Jaquelini Calandrino vai celebrar o Dia das Mães de 2026 em casa, com os três filhos, pela primeira vez em quase um ano. O motivo da longa ausência foi o caçula, Dorian, de 11 meses, que nasceu com cardiopatias congênitas e passou 310 dias internado na UTI de hospitais da rede municipal do Rio de Janeiro.

Dorian foi diagnosticado com atresia pulmonar e atresia tricúspide aos 21 dias de vida e precisou passar por três cirurgias cardíacas. O tratamento foi conduzido pelas equipes do Hospital Maternidade Maria Amélia Buarque de Hollanda e do Hospital Municipal Souza Aguiar, unidades do mesmo complexo hospitalar, no Centro do Rio.

Alta antes do primeiro aniversário

O bebê completa um ano em 3 de junho. Médicos do hospital chegaram a esperar que ele ainda estivesse internado não apenas no Dia das Mães, mas também no aniversário. “A gente cuida, acolhe e faz o nosso melhor.
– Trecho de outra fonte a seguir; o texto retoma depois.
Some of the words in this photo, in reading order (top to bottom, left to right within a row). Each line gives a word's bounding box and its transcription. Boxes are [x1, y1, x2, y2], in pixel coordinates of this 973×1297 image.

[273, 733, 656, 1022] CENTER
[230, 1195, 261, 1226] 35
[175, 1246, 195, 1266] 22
Nem sempre a gente vence, mas, hoje, com a alta do Dorian, a gente venceu”, disse Ana Murai, diretora técnica do HMMABH.

A médica lembrou que houve momentos críticos durante a internação. “Houve vezes que achamos que ele não fosse vencer, mas ele superou todos os obstáculos”, afirmou. Ela destacou o papel da mãe no processo: “A Jaquelini sempre foi uma mãe positiva. Tudo isso nos estimulava.”

A emoção do 1º Dia das Mães em casa: Após 310 dias na UTI, bebê com cardiopatia volta para a família. Edu Kapps / SMS

Rotina de remédios para o resto da vida

Jaquelini, de 31 anos, também é mãe de Maria Júlia, de 7 anos, e Peter, de 6 anos. Doula há quatro anos, ela conta que passava seis dias por semana no hospital. “Só voltava para casa para buscar roupas limpas”, disse. Com a alta do filho, reconhece que a rotina seguirá exigente: Dorian precisará de medicamentos para o coração e o pulmão indefinidamente e não poderá praticar esportes ou ter uma vida agitada.

Ainda assim, ela não esconde o alívio. “Será uma vida com qualidade e que seja justa de se viver”, afirmou. Sobre a unidade onde o filho foi tratado, foi direta: “O Maria Amélia salvou a vida do meu filho. É um lugar que vou amar para sempre.”